The Christchurch call reflects heightened global frustrations with Silicon Valley. Around the world, regulators have introduced or adopted tough new rules over the past year that require social-media sites to take down offensive content faster or face tough fines.
U.S. officials also have struggled with the rise of online extremism and its ability to incite real-world violence. Self-proclaimed neo-Nazis used Facebook as an organizing tool ahead of their deadly 2017 rally in Charlottesville, Virginia, for example, and the shooter who opened fire on a synagogue in Pittsburgh last year long had posted anti-Semitic screeds on fringe websites.
But even federal policymakers who have grown furious with Silicon Valley have struggled to rein in the industry without violating the First Amendment, which protects even some repugnant speech online. The issue loomed large over U.S. officials as they decided whether to endorse the Christchurch call, sources told the Post.
The White House's stance drew criticism some experts who've called for stronger regulation across the Web. Alistair Knott, a computer-science professor at the University of Otago in New Zealand, said the absence of a U.S. endorsement potentially would undercut the global argument for controlling how hate and violence spread online.
"It seems insufficient to say that free speech prevents the U.S. from doing something about violent extremist attacks," said Carl Tobias, a professor at the University of Richmond law school. "Congress should consider carefully crafted legislation that both protects core First Amendment interests and public safety."

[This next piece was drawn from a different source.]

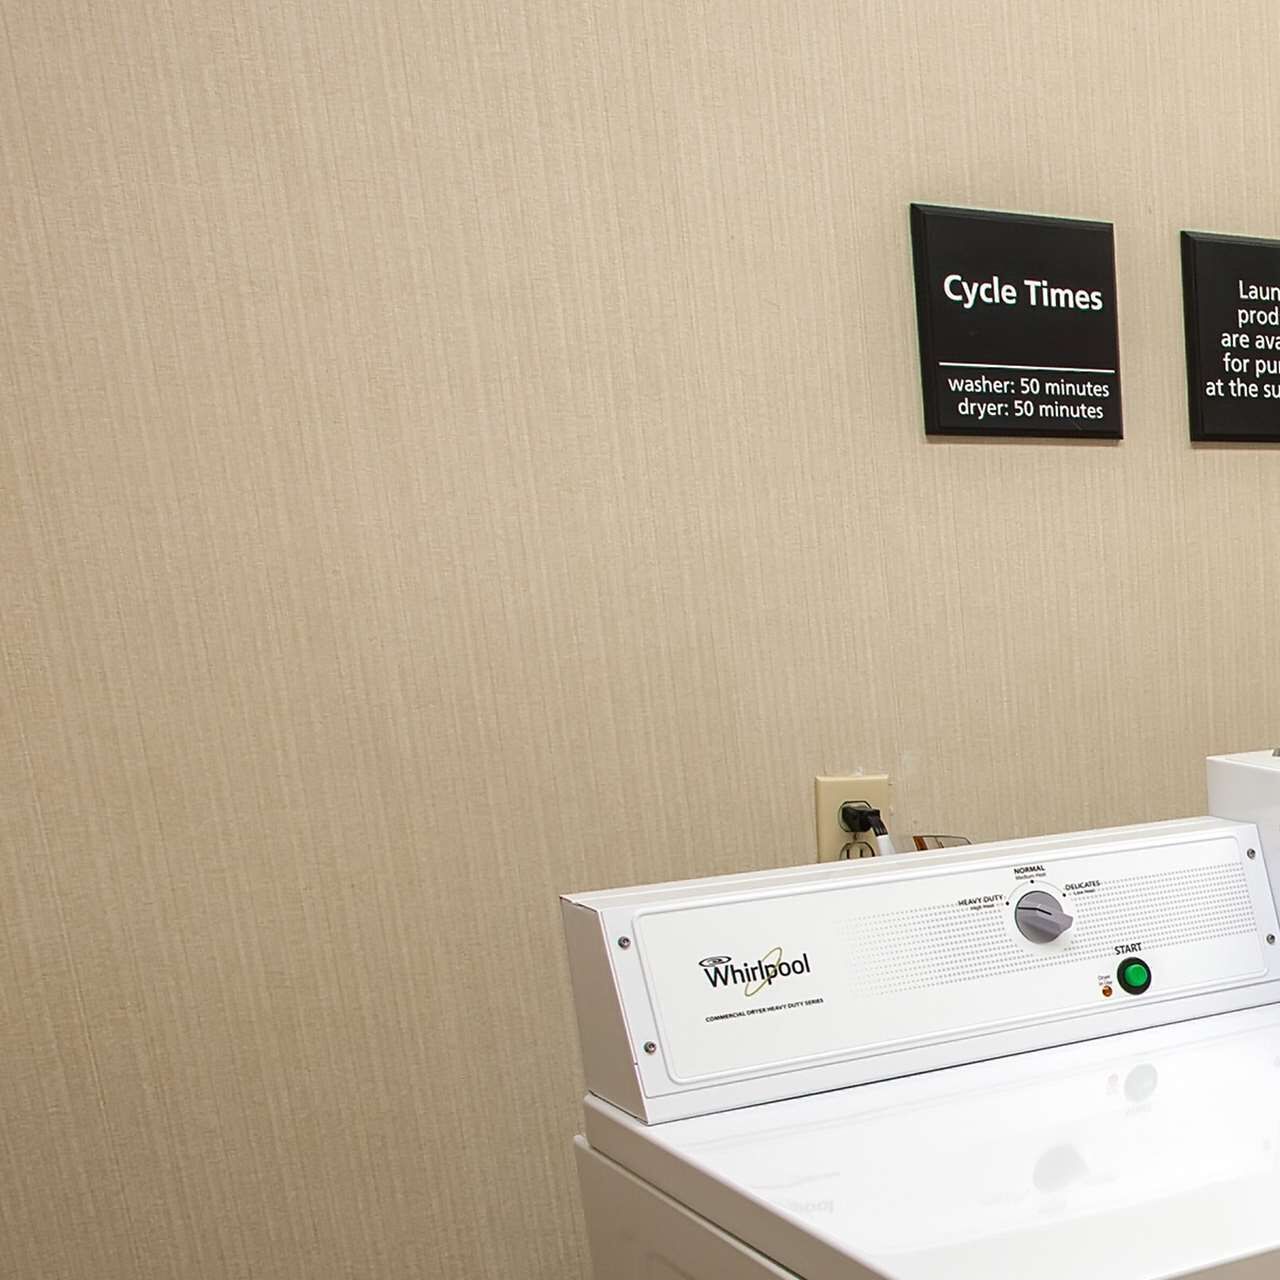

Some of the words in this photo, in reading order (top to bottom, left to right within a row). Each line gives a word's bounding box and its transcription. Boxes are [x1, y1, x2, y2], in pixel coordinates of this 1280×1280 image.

But others worried the Christchurch document could potentially blur the lines between government power and free expression.
"It's hard to take seriously this administration's criticism of extremist content, but it's probably for the best that the United States didn't sign," said James Grimmelmann, a Cornell Tech law professor. "The government should not be in the business of 'encouraging' platforms to do more than they legally are required to -- or then they could be required to under the First Amendment."
"The government ought to do its 'encouraging' through laws that give platforms and users clear notice of what they're allowed to do, not through vague exhortations that can easily turn into veiled threats," Grimmelmann said.
Adrian Shahbaz, a research director at Freedom House, a think tank partially funded by the U.S. government, said he was "alarmed by the vague call for governments to ban more speech" in a way that could have "negative consequences for human rights."
Greater regulation on tech companies is needed, but "we shouldn't be calling on tech companies to remove content without also demanding that they act with far more transparency and accountability," he said. "Otherwise, companies will censor first and ask questions later, leaving users will little recourse to appeal poor decisions and uphold their right to free expression."